## What the task requires
Without including any pictures, copy each entry below exactly.

## Raw data
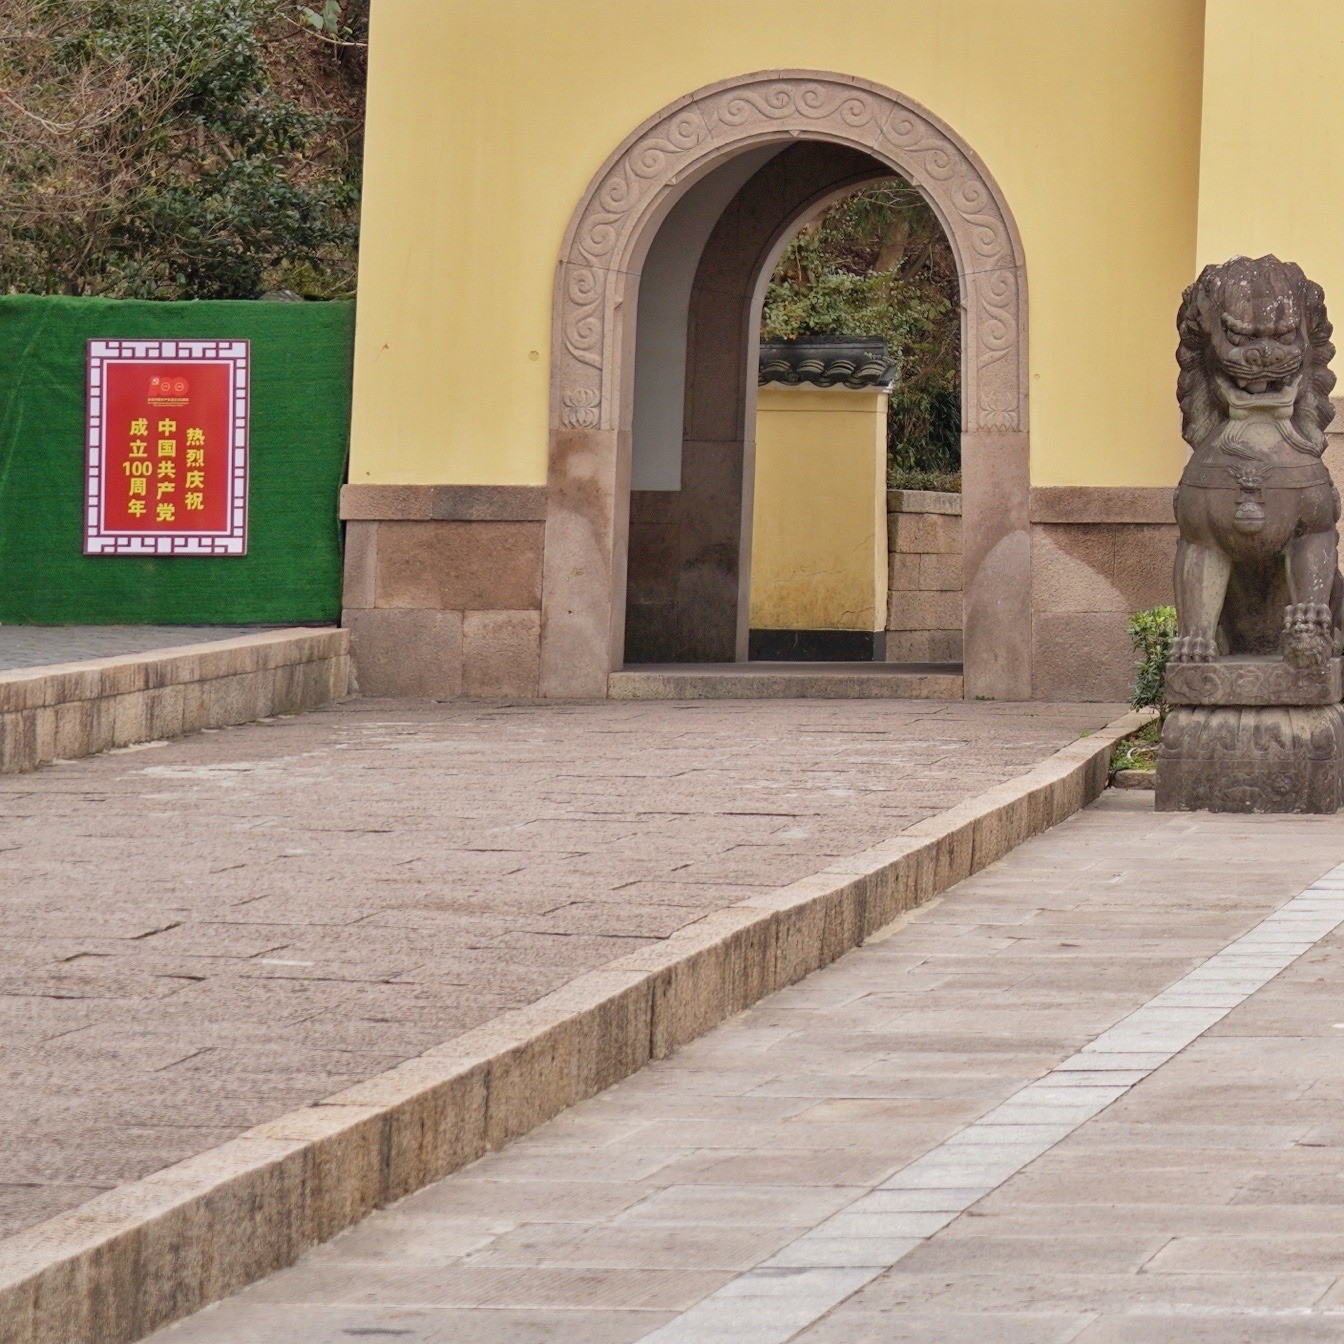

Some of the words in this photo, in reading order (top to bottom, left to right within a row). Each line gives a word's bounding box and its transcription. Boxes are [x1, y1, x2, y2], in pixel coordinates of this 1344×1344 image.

[122, 418, 152, 518] 成立100周年
[156, 418, 177, 522] 中国共产党
[185, 427, 205, 511] 热烈庆祝
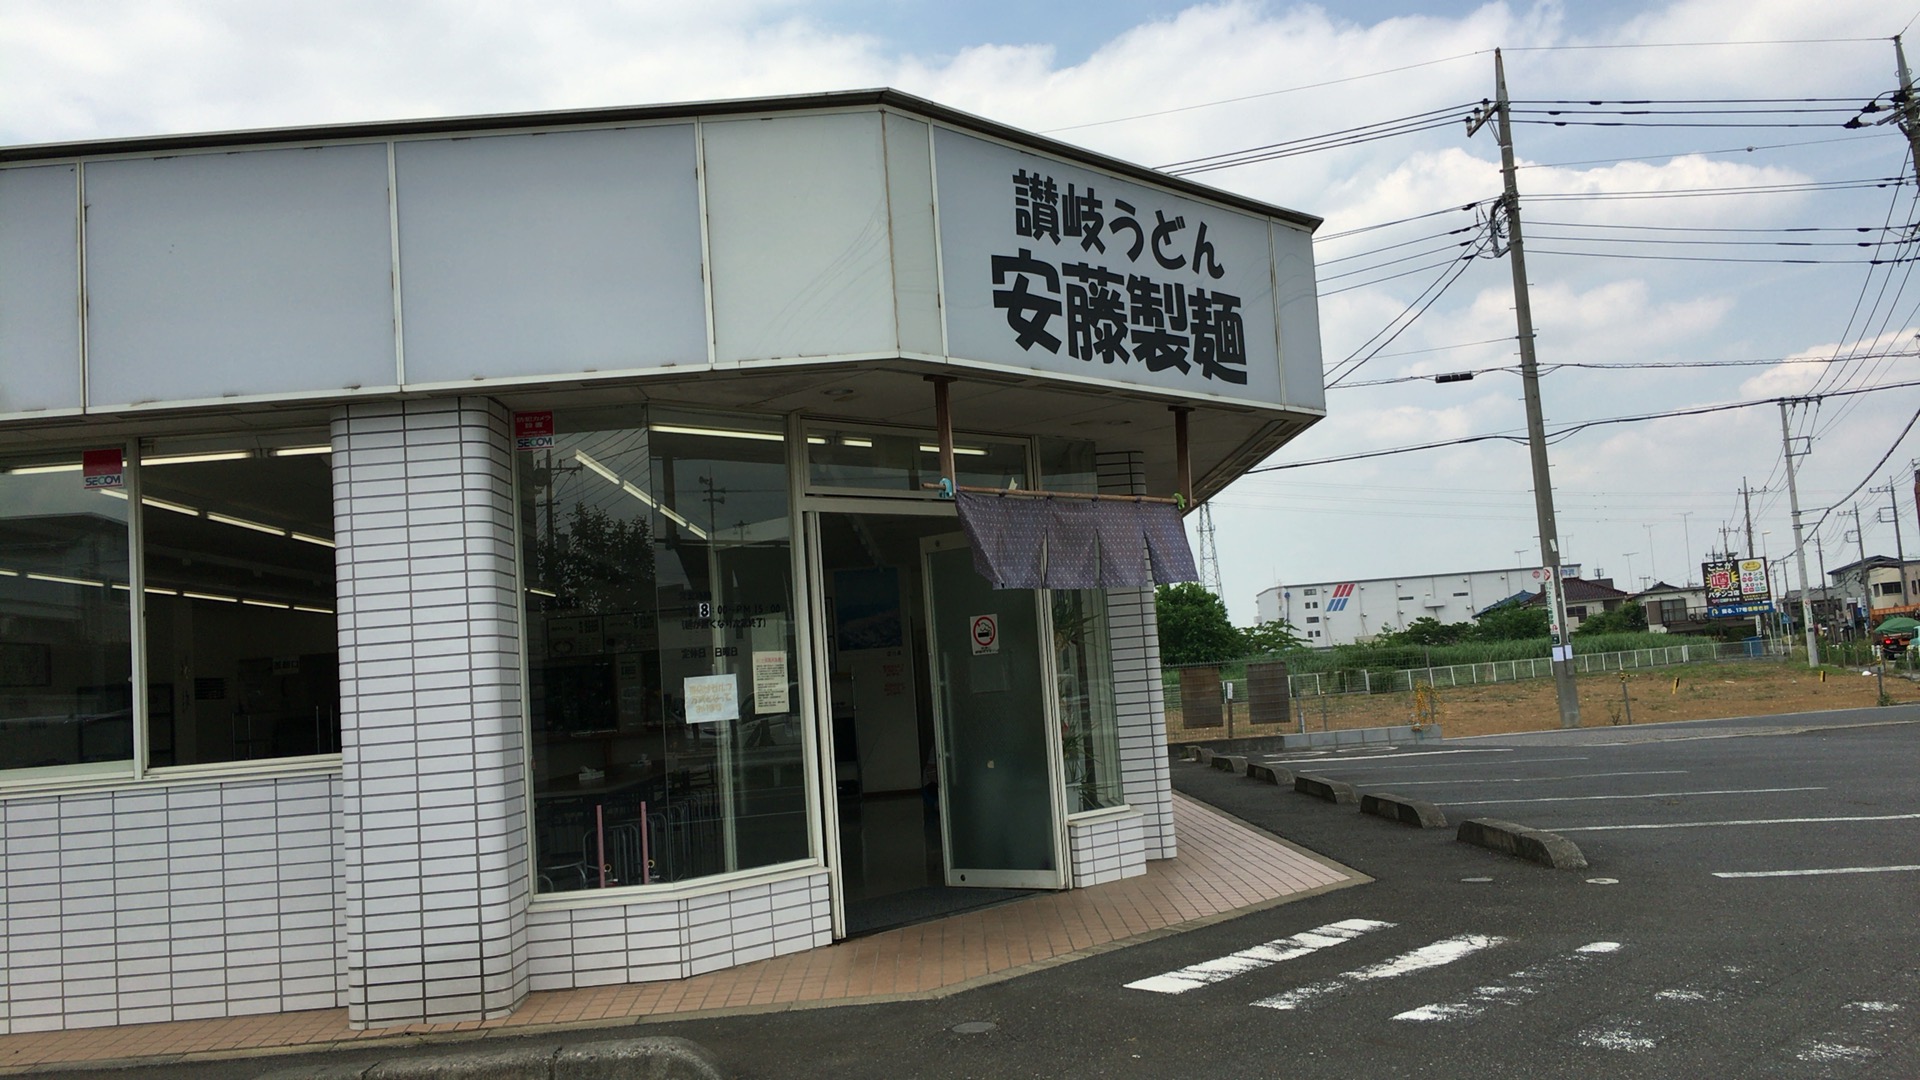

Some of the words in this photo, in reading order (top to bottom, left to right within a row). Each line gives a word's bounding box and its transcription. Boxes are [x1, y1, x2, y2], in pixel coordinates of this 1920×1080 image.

[1012, 168, 1225, 279] 讃岐うどん
[991, 248, 1247, 385] 安藤製麺
[517, 437, 552, 448] SECOM
[85, 475, 121, 486] SECOM

## Answer
Some of the words in this photo, in reading order (top to bottom, left to right within a row). Each line gives a word's bounding box and its transcription. Boxes are [x1, y1, x2, y2], in pixel coordinates of this 1344×1344 image.

[122, 418, 152, 518] 成立100周年
[156, 418, 177, 522] 中国共产党
[185, 427, 205, 511] 热烈庆祝

Some of the words in this photo, in reading order (top to bottom, left to right within a row). Each line gives a word's bounding box and its transcription. Boxes are [x1, y1, x2, y2], in pixel coordinates of this 1920×1080 image.

[1012, 168, 1225, 279] 讃岐うどん
[991, 248, 1247, 385] 安藤製麺
[517, 437, 552, 448] SECOM
[85, 475, 121, 486] SECOM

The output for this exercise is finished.